第382話 全中覇者

 ☆亜美視点☆


 私達の練習試合自体は終わったけど、都姫女子のコーチの提案で、1年生選抜メンバーで試合をしてもらう事になった。


「という事で、今名前を呼んだ6人がスタメンだよ。 控えは決めてないから、交替する時にまた呼びます」

「はい!」


 次に私は、マリアちゃんに声をかける。


「マリアちゃん」

「はい、なんでしょうか?」


 よ、よそよそしいなぁ。


「冷静にね」

「……わかってますよ」


 彼女は少し頭に血が上りやすい性格のようだ。

 冷静にプレーすれば、簡単には止められないはずだけど、一旦熱くなるとプレーが雑になる傾向がある。

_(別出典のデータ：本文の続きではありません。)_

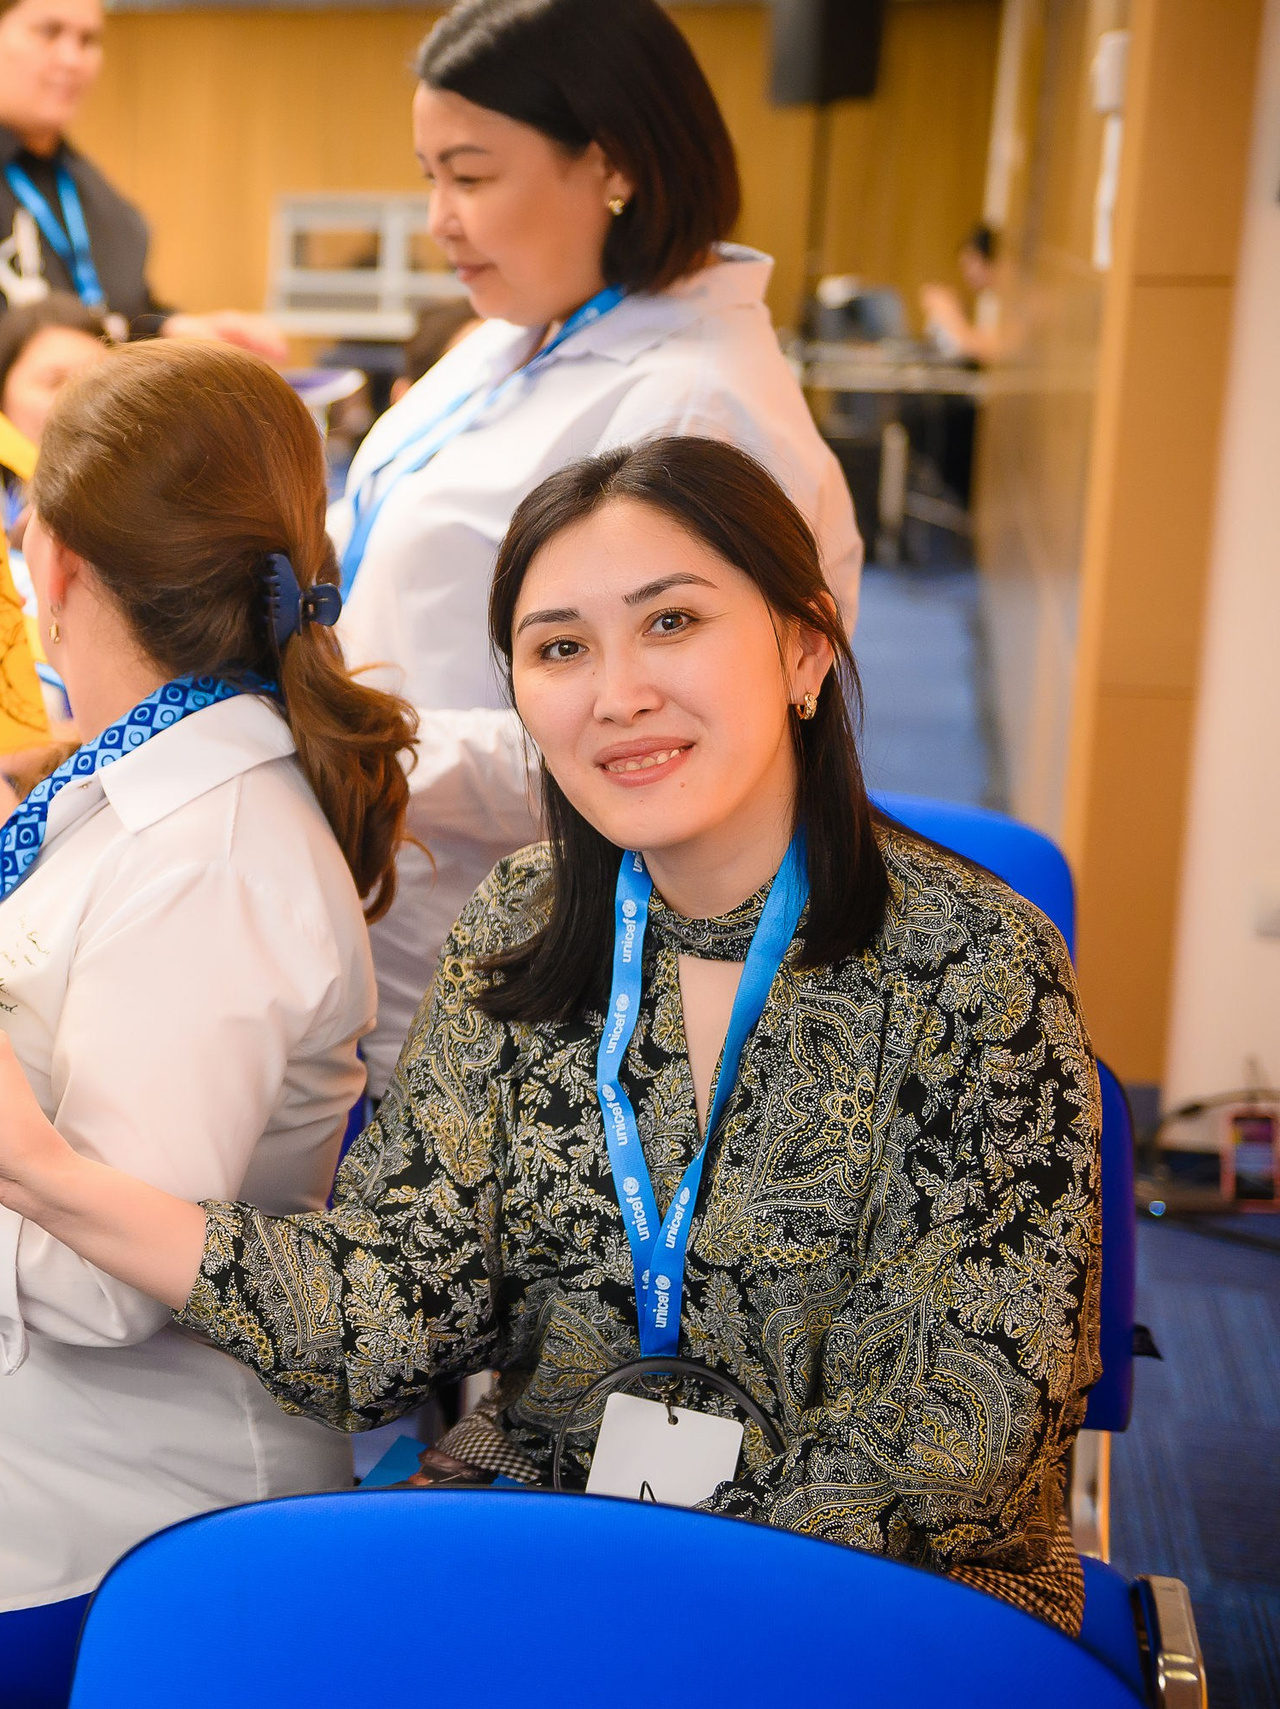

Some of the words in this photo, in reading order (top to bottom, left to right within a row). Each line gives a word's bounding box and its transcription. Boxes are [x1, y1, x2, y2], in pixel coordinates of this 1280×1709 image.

 これはマリアちゃんの課題だ。 それだけ伝えてアップに戻らせる。

 他の子達も、それぞれアップを始めているみたいだ。


「さて、どうなるかしらね」


 隣にやってきた奈々ちゃんが、壁にもたれ掛かりながら話しかけてきた。


「さぁねぇ……」

「冷静にプレーすれば、同世代に敵は居ないと思いますわ」

「その冷静にってのが難しいのよねー、あの子」

「さっきの試合も途中でヒートアップしてたらしいからなー」


 奈央ちゃん、紗希ちゃん、遥ちゃんも続々とやって来た。


「心配だよぅ」

「そだね」


 とはいえ、早くメンタル面の弱点を克服してもらいたい。

 この試合は絶好のチャンスだ。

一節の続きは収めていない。